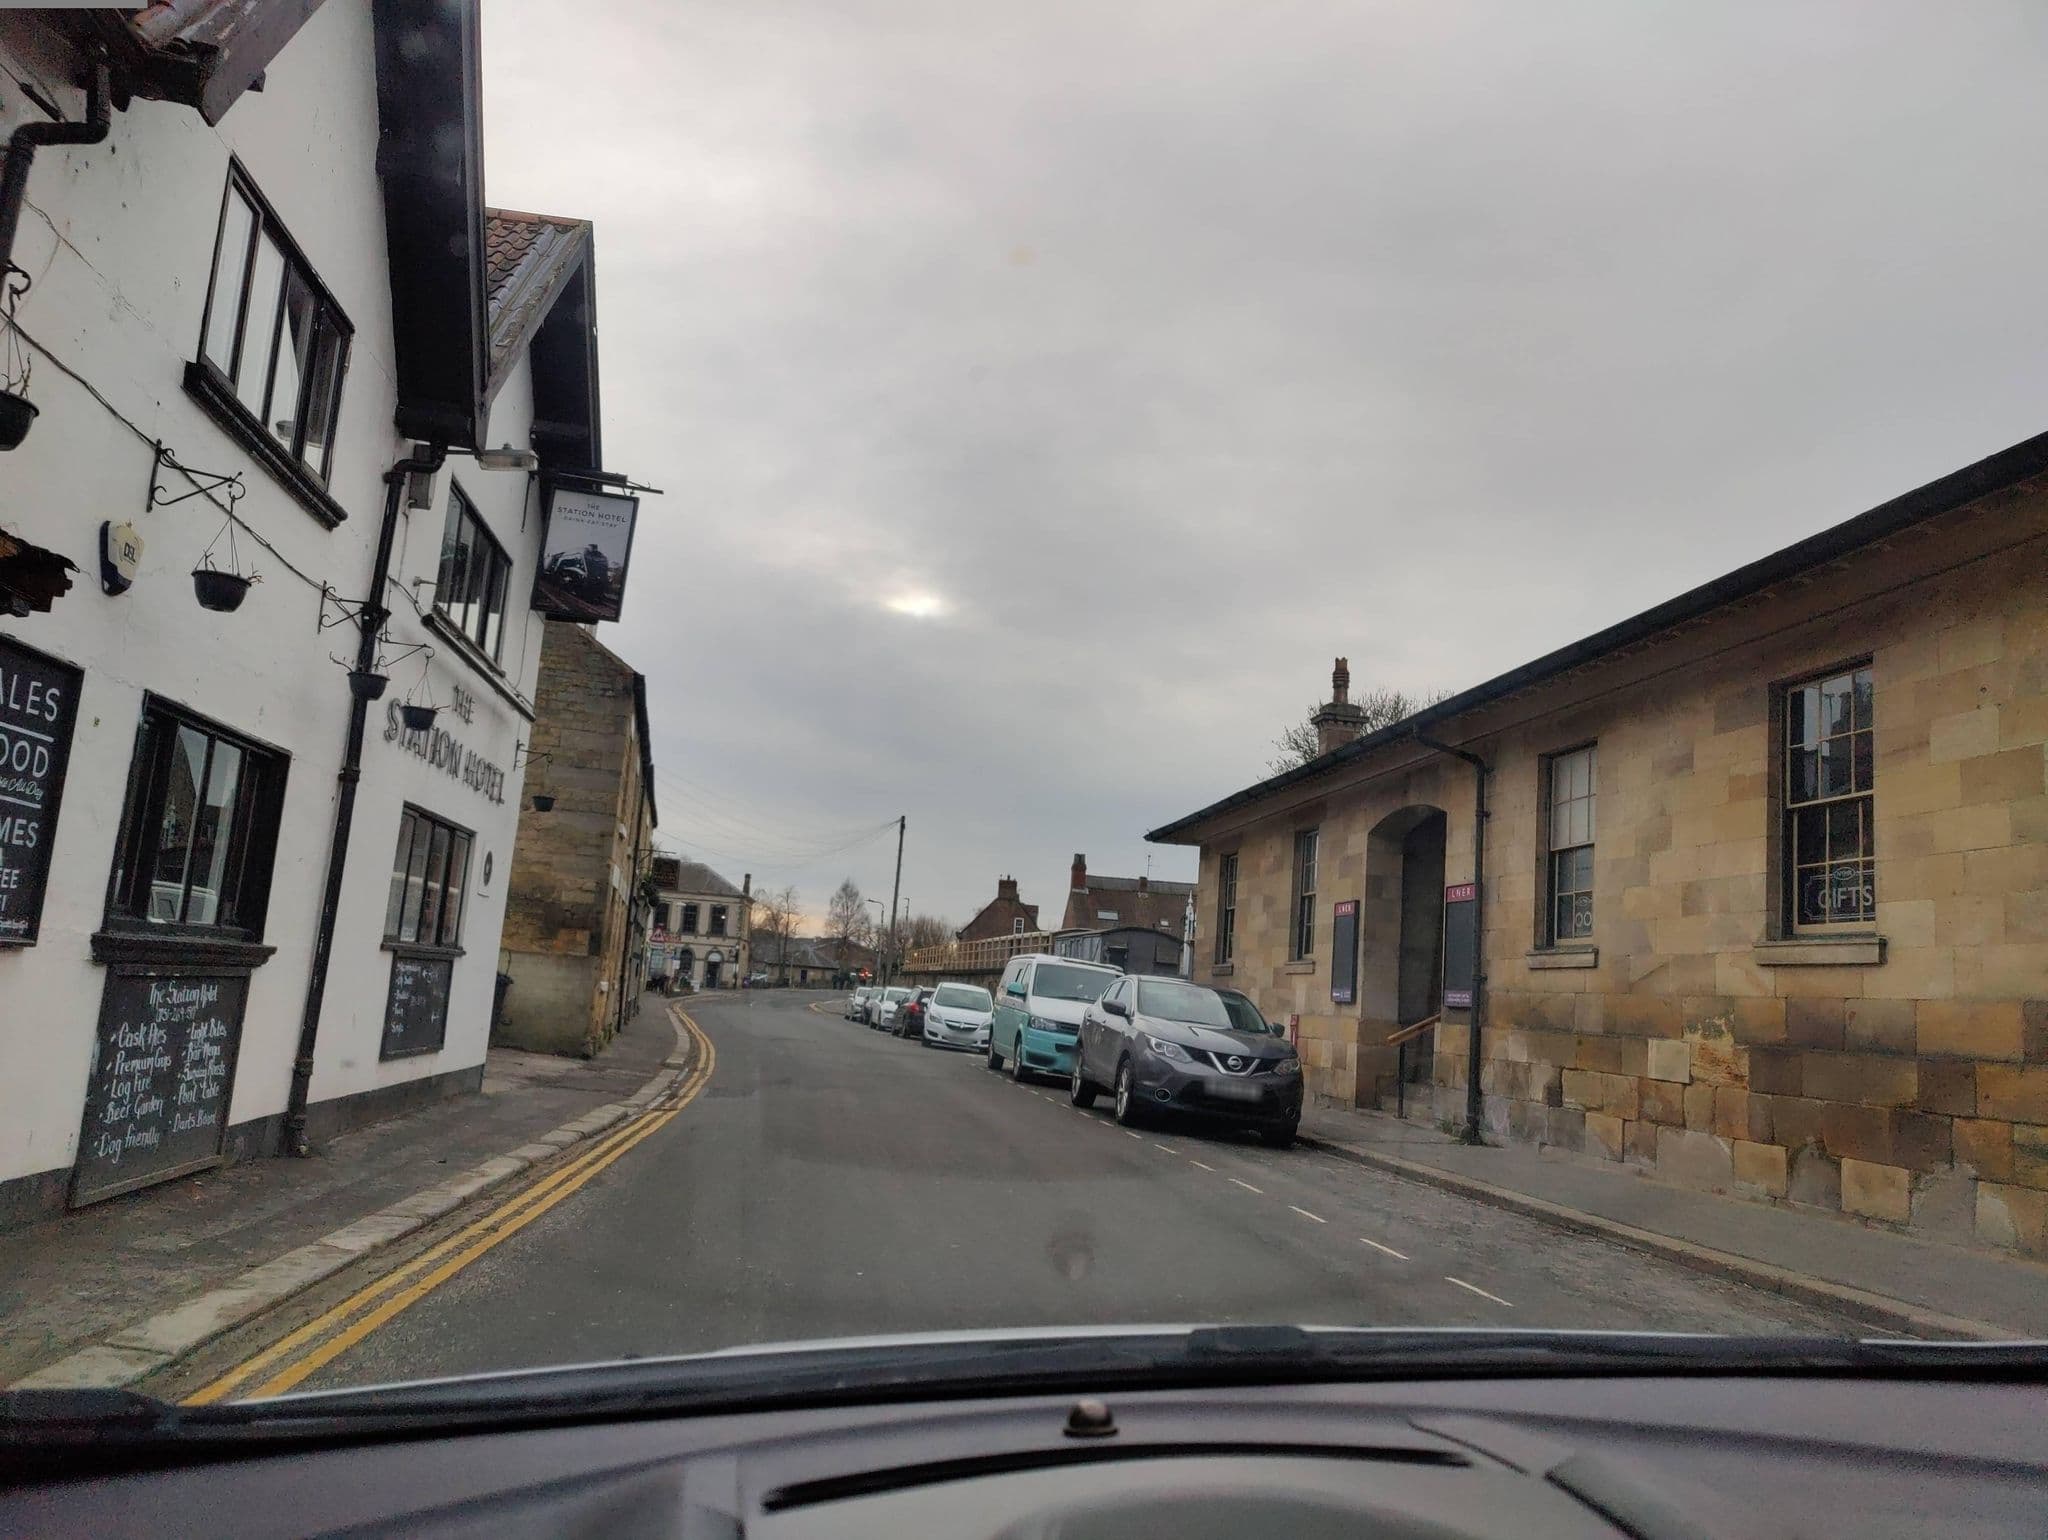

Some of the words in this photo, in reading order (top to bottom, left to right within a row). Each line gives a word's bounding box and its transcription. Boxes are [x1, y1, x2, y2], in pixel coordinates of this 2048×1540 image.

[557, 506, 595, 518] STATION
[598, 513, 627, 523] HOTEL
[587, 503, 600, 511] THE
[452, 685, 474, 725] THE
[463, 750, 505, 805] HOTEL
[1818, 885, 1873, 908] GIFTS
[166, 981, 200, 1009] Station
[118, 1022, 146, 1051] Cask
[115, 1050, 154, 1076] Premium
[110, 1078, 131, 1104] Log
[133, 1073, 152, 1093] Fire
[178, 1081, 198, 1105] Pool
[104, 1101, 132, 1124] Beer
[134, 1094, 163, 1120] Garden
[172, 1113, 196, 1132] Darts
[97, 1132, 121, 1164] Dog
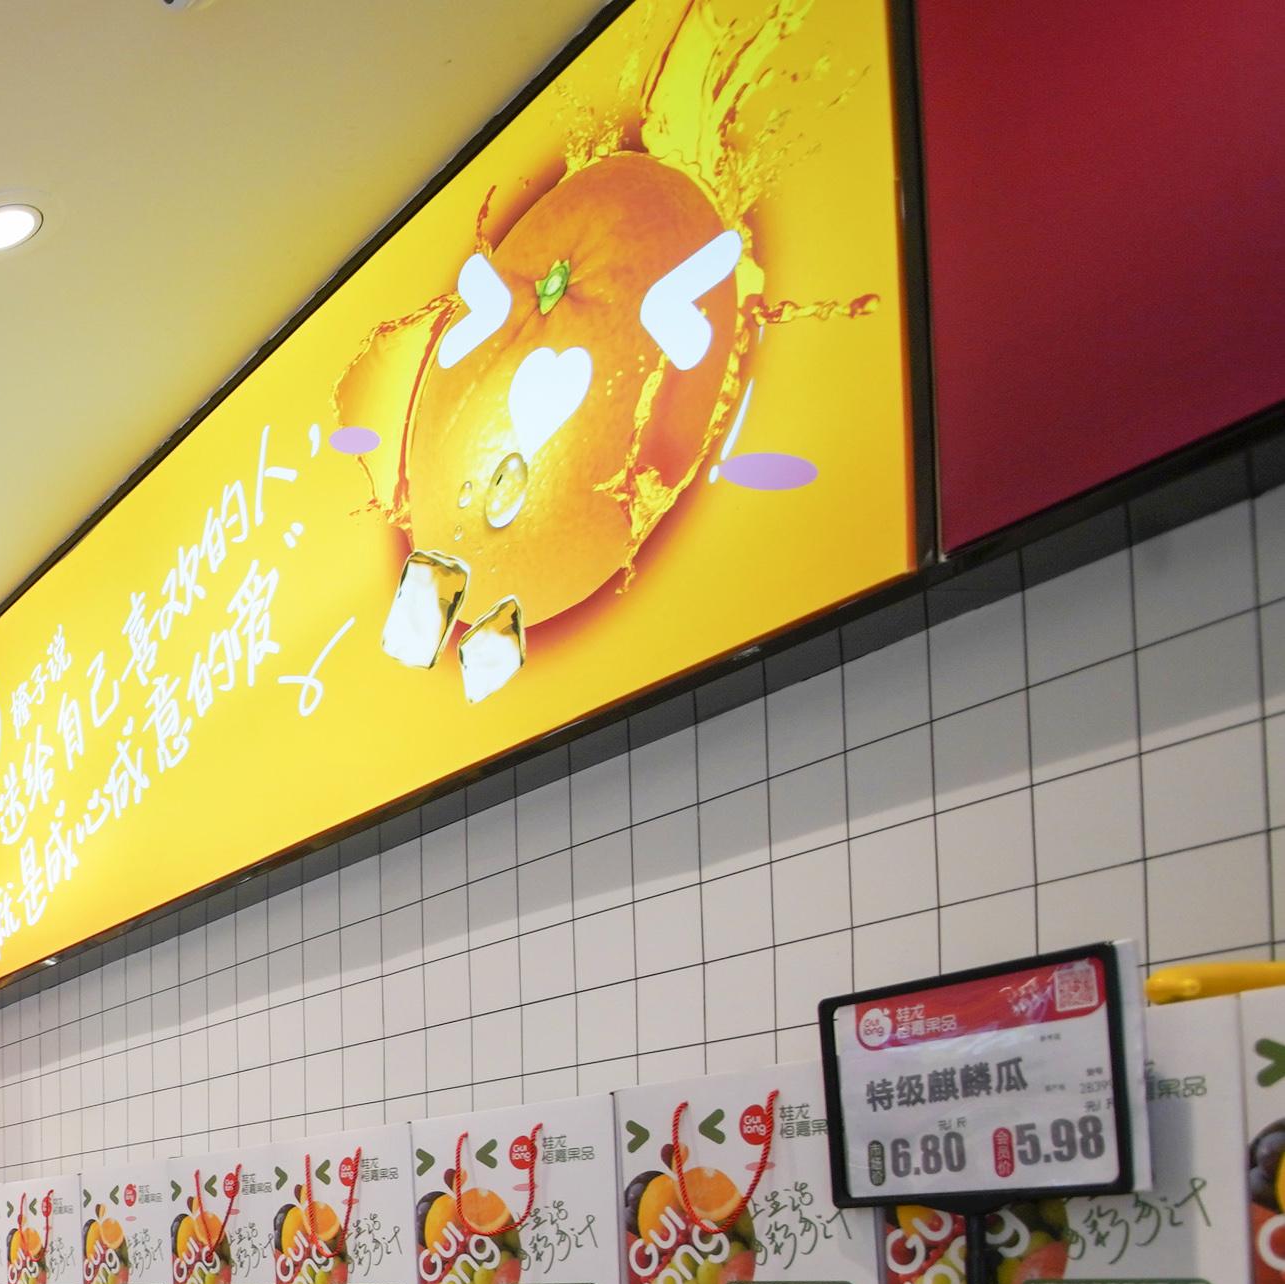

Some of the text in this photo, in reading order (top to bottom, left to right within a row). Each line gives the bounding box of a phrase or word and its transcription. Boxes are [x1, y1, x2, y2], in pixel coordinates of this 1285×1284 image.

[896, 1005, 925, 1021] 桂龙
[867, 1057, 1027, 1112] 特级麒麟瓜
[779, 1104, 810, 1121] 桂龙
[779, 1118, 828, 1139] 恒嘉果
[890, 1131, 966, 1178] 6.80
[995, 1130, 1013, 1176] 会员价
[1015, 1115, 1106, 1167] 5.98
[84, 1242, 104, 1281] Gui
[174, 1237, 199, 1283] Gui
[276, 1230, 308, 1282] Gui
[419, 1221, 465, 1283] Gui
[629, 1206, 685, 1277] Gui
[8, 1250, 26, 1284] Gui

········

Assignment:
Would you repeat the entries exactly, keeping the images out?

Finished task:
Some of the words in this photo, in reading order (top to bottom, left to right within a row). Each line gives a word's bounding box and its transcription. Boxes are [x1, y1, x2, y2], in pixel coordinates of this 2048×1540 image.

[557, 506, 595, 518] STATION
[598, 513, 627, 523] HOTEL
[587, 503, 600, 511] THE
[452, 685, 474, 725] THE
[463, 750, 505, 805] HOTEL
[1818, 885, 1873, 908] GIFTS
[166, 981, 200, 1009] Station
[118, 1022, 146, 1051] Cask
[115, 1050, 154, 1076] Premium
[110, 1078, 131, 1104] Log
[133, 1073, 152, 1093] Fire
[178, 1081, 198, 1105] Pool
[104, 1101, 132, 1124] Beer
[134, 1094, 163, 1120] Garden
[172, 1113, 196, 1132] Darts
[97, 1132, 121, 1164] Dog

Some of the text in this photo, in reading order (top to bottom, left to right within a row). Each line gives the bounding box of a phrase or word and its transcription. Boxes are [x1, y1, x2, y2], in pixel coordinates of this 1285×1284 image.

[896, 1005, 925, 1021] 桂龙
[867, 1057, 1027, 1112] 特级麒麟瓜
[779, 1104, 810, 1121] 桂龙
[779, 1118, 828, 1139] 恒嘉果
[890, 1131, 966, 1178] 6.80
[995, 1130, 1013, 1176] 会员价
[1015, 1115, 1106, 1167] 5.98
[84, 1242, 104, 1281] Gui
[174, 1237, 199, 1283] Gui
[276, 1230, 308, 1282] Gui
[419, 1221, 465, 1283] Gui
[629, 1206, 685, 1277] Gui
[8, 1250, 26, 1284] Gui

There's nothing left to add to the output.